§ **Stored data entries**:
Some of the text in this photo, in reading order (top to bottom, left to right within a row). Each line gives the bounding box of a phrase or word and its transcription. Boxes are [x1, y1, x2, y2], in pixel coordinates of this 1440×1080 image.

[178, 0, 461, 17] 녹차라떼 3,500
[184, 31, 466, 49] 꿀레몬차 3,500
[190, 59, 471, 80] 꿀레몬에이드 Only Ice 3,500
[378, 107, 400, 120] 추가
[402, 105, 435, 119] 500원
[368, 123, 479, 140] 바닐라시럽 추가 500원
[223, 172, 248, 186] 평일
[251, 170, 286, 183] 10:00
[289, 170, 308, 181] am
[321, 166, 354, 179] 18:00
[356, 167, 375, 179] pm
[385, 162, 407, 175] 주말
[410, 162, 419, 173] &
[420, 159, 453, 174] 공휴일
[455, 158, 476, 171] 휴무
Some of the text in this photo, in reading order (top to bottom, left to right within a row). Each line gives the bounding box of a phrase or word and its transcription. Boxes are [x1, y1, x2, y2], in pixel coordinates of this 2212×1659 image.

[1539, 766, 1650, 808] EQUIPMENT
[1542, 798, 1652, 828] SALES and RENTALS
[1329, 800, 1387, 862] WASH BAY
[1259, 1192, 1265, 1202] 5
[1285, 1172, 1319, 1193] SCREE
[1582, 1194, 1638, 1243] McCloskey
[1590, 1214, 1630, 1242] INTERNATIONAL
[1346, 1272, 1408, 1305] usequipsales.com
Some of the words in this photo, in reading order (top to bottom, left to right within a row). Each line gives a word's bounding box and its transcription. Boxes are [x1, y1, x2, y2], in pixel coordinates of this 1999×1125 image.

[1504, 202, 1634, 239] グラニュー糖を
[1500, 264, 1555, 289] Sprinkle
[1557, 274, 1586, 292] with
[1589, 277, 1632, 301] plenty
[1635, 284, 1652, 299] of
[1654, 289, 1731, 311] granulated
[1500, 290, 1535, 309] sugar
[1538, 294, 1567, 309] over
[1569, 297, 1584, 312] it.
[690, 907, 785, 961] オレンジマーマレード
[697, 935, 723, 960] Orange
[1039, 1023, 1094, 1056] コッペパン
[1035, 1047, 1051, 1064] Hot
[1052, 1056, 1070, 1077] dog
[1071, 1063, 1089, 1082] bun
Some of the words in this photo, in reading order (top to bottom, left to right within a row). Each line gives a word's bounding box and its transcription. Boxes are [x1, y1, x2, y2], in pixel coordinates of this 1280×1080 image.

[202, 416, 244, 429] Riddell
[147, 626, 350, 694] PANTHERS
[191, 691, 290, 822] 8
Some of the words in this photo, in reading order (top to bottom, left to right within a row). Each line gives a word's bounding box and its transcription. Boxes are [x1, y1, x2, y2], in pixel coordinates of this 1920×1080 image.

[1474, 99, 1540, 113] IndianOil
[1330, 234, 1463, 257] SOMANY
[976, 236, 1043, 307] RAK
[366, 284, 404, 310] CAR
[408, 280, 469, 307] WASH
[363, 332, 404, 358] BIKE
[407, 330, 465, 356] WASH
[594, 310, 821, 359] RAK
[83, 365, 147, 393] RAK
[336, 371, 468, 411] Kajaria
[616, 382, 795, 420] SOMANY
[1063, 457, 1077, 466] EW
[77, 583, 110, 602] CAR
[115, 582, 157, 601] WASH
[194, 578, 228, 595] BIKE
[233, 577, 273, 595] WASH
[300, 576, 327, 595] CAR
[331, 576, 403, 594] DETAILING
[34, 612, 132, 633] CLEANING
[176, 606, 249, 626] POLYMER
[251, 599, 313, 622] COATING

§ **WHAT YOU ARE ASKED TO DO**: Restate the records above in full, keeping each line exactly as it stands.

§ **RESPONSE TO THE EXERCISE**:
Some of the text in this photo, in reading order (top to bottom, left to right within a row). Each line gives the bounding box of a phrase or word and its transcription. Boxes are [x1, y1, x2, y2], in pixel coordinates of this 1440×1080 image.

[178, 0, 461, 17] 녹차라떼 3,500
[184, 31, 466, 49] 꿀레몬차 3,500
[190, 59, 471, 80] 꿀레몬에이드 Only Ice 3,500
[378, 107, 400, 120] 추가
[402, 105, 435, 119] 500원
[368, 123, 479, 140] 바닐라시럽 추가 500원
[223, 172, 248, 186] 평일
[251, 170, 286, 183] 10:00
[289, 170, 308, 181] am
[321, 166, 354, 179] 18:00
[356, 167, 375, 179] pm
[385, 162, 407, 175] 주말
[410, 162, 419, 173] &
[420, 159, 453, 174] 공휴일
[455, 158, 476, 171] 휴무
Some of the text in this photo, in reading order (top to bottom, left to right within a row). Each line gives the bounding box of a phrase or word and its transcription. Boxes are [x1, y1, x2, y2], in pixel coordinates of this 2212×1659 image.

[1539, 766, 1650, 808] EQUIPMENT
[1542, 798, 1652, 828] SALES and RENTALS
[1329, 800, 1387, 862] WASH BAY
[1259, 1192, 1265, 1202] 5
[1285, 1172, 1319, 1193] SCREE
[1582, 1194, 1638, 1243] McCloskey
[1590, 1214, 1630, 1242] INTERNATIONAL
[1346, 1272, 1408, 1305] usequipsales.com
Some of the words in this photo, in reading order (top to bottom, left to right within a row). Each line gives a word's bounding box and its transcription. Boxes are [x1, y1, x2, y2], in pixel coordinates of this 1999×1125 image.

[1504, 202, 1634, 239] グラニュー糖を
[1500, 264, 1555, 289] Sprinkle
[1557, 274, 1586, 292] with
[1589, 277, 1632, 301] plenty
[1635, 284, 1652, 299] of
[1654, 289, 1731, 311] granulated
[1500, 290, 1535, 309] sugar
[1538, 294, 1567, 309] over
[1569, 297, 1584, 312] it.
[690, 907, 785, 961] オレンジマーマレード
[697, 935, 723, 960] Orange
[1039, 1023, 1094, 1056] コッペパン
[1035, 1047, 1051, 1064] Hot
[1052, 1056, 1070, 1077] dog
[1071, 1063, 1089, 1082] bun
Some of the words in this photo, in reading order (top to bottom, left to right within a row). Each line gives a word's bounding box and its transcription. Boxes are [x1, y1, x2, y2], in pixel coordinates of this 1280×1080 image.

[202, 416, 244, 429] Riddell
[147, 626, 350, 694] PANTHERS
[191, 691, 290, 822] 8
Some of the words in this photo, in reading order (top to bottom, left to right within a row). Each line gives a word's bounding box and its transcription. Boxes are [x1, y1, x2, y2], in pixel coordinates of this 1920×1080 image.

[1474, 99, 1540, 113] IndianOil
[1330, 234, 1463, 257] SOMANY
[976, 236, 1043, 307] RAK
[366, 284, 404, 310] CAR
[408, 280, 469, 307] WASH
[363, 332, 404, 358] BIKE
[407, 330, 465, 356] WASH
[594, 310, 821, 359] RAK
[83, 365, 147, 393] RAK
[336, 371, 468, 411] Kajaria
[616, 382, 795, 420] SOMANY
[1063, 457, 1077, 466] EW
[77, 583, 110, 602] CAR
[115, 582, 157, 601] WASH
[194, 578, 228, 595] BIKE
[233, 577, 273, 595] WASH
[300, 576, 327, 595] CAR
[331, 576, 403, 594] DETAILING
[34, 612, 132, 633] CLEANING
[176, 606, 249, 626] POLYMER
[251, 599, 313, 622] COATING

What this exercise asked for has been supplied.